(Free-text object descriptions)
────────

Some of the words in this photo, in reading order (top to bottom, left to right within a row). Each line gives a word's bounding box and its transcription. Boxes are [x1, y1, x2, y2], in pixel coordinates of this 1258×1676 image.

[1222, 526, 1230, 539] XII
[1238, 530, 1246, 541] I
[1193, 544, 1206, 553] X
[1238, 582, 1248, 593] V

────────

Quote the data above in full, changing nothing.

Reply to the task:
Some of the words in this photo, in reading order (top to bottom, left to right within a row). Each line gives a word's bounding box and its transcription. Boxes are [x1, y1, x2, y2], in pixel coordinates of this 1258×1676 image.

[1222, 526, 1230, 539] XII
[1238, 530, 1246, 541] I
[1193, 544, 1206, 553] X
[1238, 582, 1248, 593] V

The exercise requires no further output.